Note that the 1st argument to generate pattern is this example is composed entirely of literal strings concatenated.
Obviously, somebody will have to hand-process the templated strings that end up in the library to produce the foreign language equivalents.
You're right in that this may over templatize the code because some strings shouldn't be placed in the nationalized string library. To the extent that you can write programmatic checks for those cases, they can be included as conditions in the rules to prevent them from triggering. (With a little bit of effort, you could place the untransformed text into a comment, making individual transformations easier to undo later).

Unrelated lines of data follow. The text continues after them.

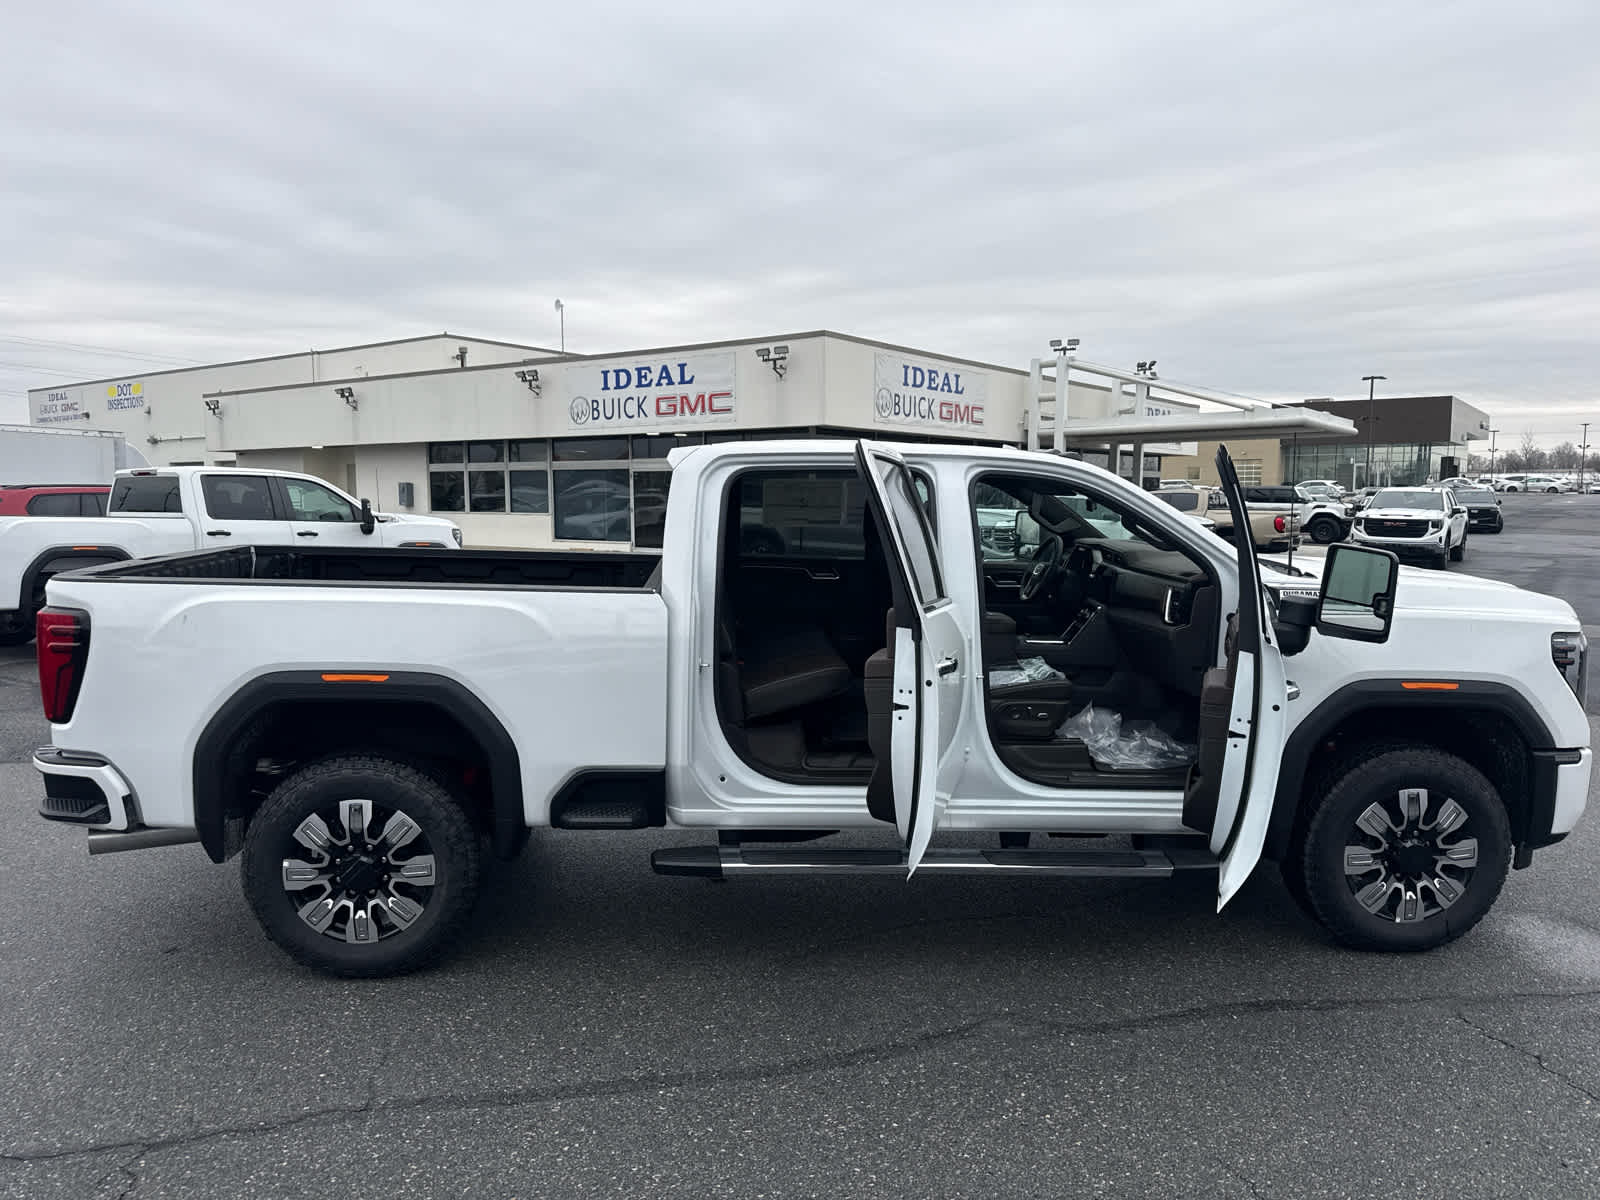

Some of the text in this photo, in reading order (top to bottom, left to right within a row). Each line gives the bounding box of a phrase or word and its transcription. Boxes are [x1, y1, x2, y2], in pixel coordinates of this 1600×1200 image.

[601, 362, 695, 391] IDEAL
[902, 364, 965, 395] IDEAL
[48, 392, 68, 402] IDEAL
[117, 383, 132, 397] DOT
[61, 402, 79, 412] GMC
[107, 396, 144, 410] INSPECTIONS
[592, 391, 733, 420] BUICK GMC
[893, 393, 985, 425] BUICK GMC
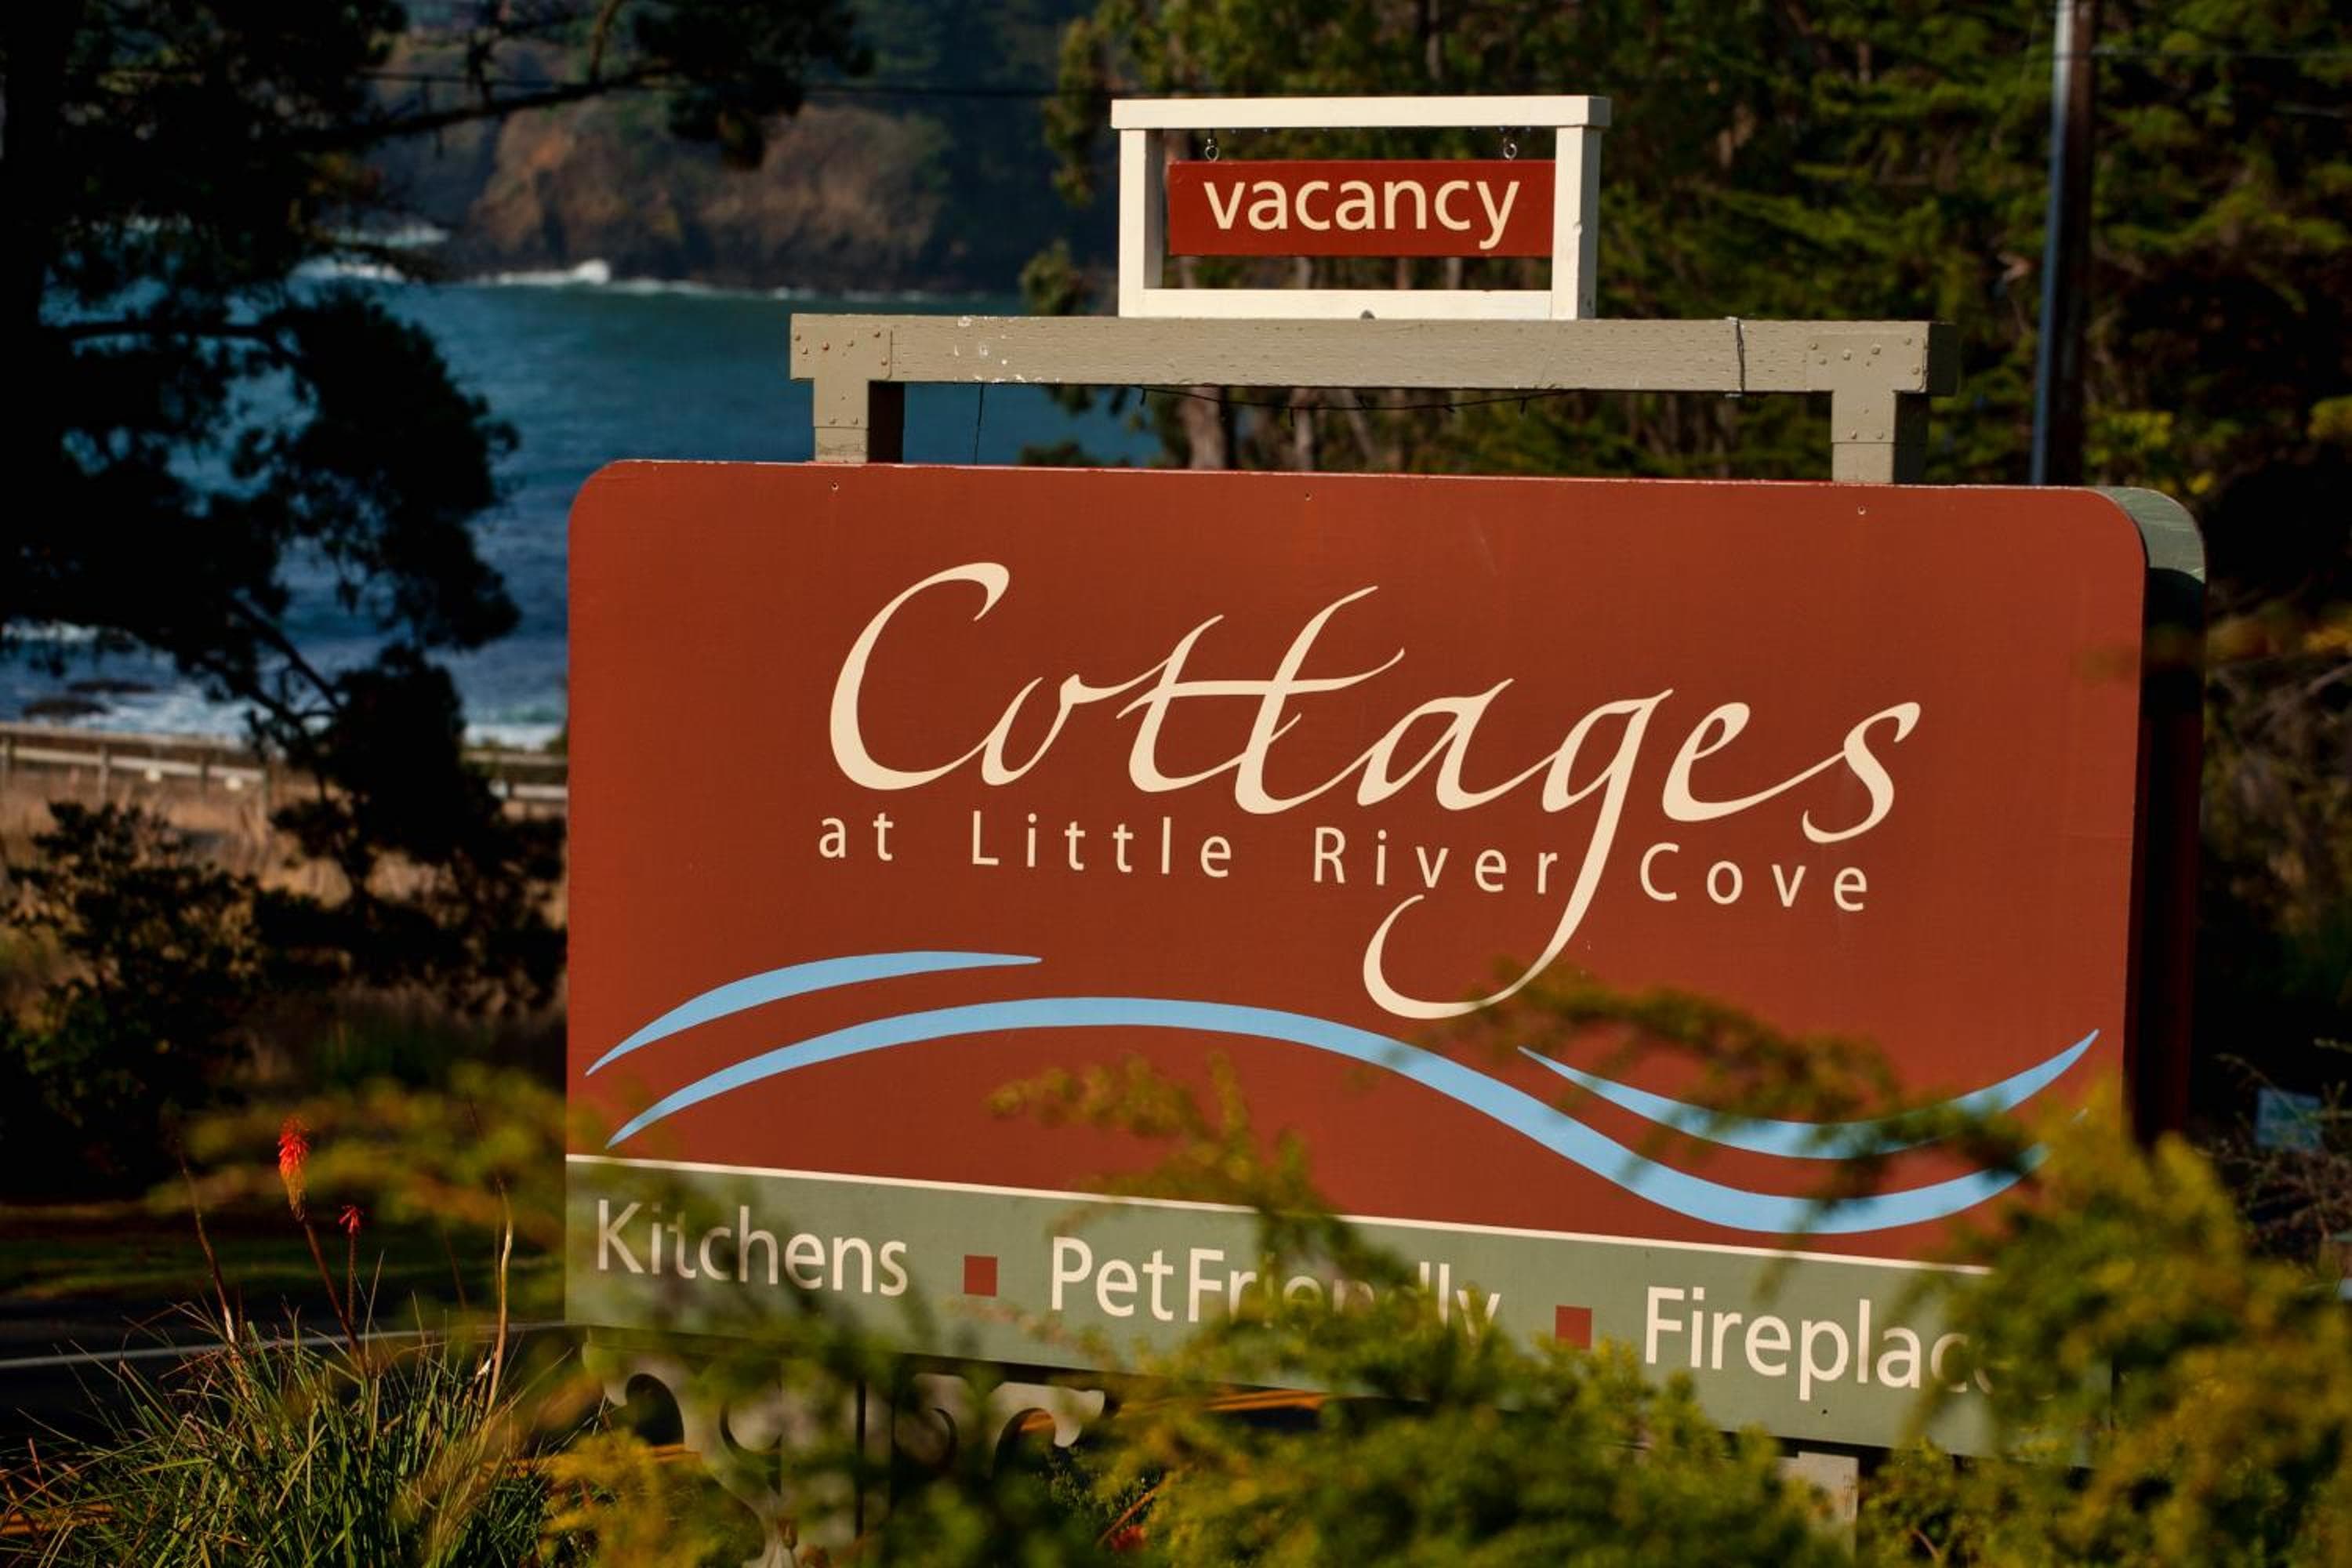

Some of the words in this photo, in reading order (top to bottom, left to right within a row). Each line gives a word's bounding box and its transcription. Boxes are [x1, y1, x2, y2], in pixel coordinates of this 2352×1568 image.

[1203, 180, 1520, 250] vacancy
[829, 561, 1921, 1019] Cottages
[818, 811, 895, 862] at
[971, 810, 1232, 878] Little
[1314, 826, 1559, 895] River
[1640, 842, 1868, 912] Cove
[597, 1199, 908, 1297] Kitchens
[1051, 1236, 1176, 1323] Pet

Realistically, I'd guess you have to code ~~100 rules like this to cover the combinatorics and special cases of interests. The payoff is that the your code gets automatically enhanced. If done right, you could apply this transformation to your code repeatedly as your code goes through multiple releases; it would leave previously nationalized expressions alone and just revise the new ones inserted by the happy-go-lucky programmers.
A system which can do this is the DMS Software Reengineering Toolkit. DMS can parse/pattern match/transform/prettyprint many langauges, include Java and C#.
Eclipse will externalize every individual string and does not automatically build substitution like you are looking for. If you have a very consistent convention of how you build your strings you could write a perl script to do some intelligent replacement on .java files. But this script will get quite complex if you want to handle
String msg = new String("Hello");
String msg2 = "Hello2";
String msg3 = new StringBuffer().append("Hello3").toString();
String msg4 = "Hello" + 4;
etc.
I think there are some paid tools that can help with this. I remember evaluating one, but I don't recall its name. I also don't remember if it could handle variable substitution in external strings. I'll try to find the info and edit this post with the details.
EDIT:
The tool was Globalyzer by Lingport. The website says it supports string externalization, but not specifically how. Not sure if it supports variable substitution. There is a free trial version so you could try it out and see.
Globalyzer has extensive capabilities to detect, manage and externalize strings and speeds up the work dramatically over looking at strings and externalizing one by one. You can filter the strings as well see them in context and then either externalize one by one, or in batches. It works for a wide variety of programming languages and resource types, of course including Java. Plus Globalyzer finds much more than embedded strings for your internationalization projects. You can read more at http://lingoport.com/globalyzer and there's links there to sign up for a demo account. Globalyzer was first built for performing big internationalization service projects and then over the years it's grown in to a full scale enterprise tool for making sure development gets and stays internationalized.
As well as Eclipse's string externalizer, which generates properties files, Eclipse has a warning for non-externalized strings, which is helpful for finding files that you haven't internationalized.
String msg = "Hello " + name;
gives the warning "Non-externalized string literal; it should be followed by //$NON-NLS-$". For strings that truly do belong in the code you can add an annotation (#SuppressWarnings("nls")) or you can add a comment:
String msg = "Hello " + name; //$NON-NLS-1$
This is very helpful for converting a project to proper internationalization.
I think eclipse has some option to externalize all strings into a property file.
You can use "Externalize String" method from eclipse.
Open your Java file in the editor and then click on "Externalize String" in the "Source" main menu. IT generates a properties file for you with all strngs you checked in the selection.
Hope this helps.
since everyone is weighing in an IDE i guess i'd better stand up for Netbeans :)
Tools-->Internationalisation-->Internationalisation Wizard
very handy..
InteliJ idea is another tool which have this feature.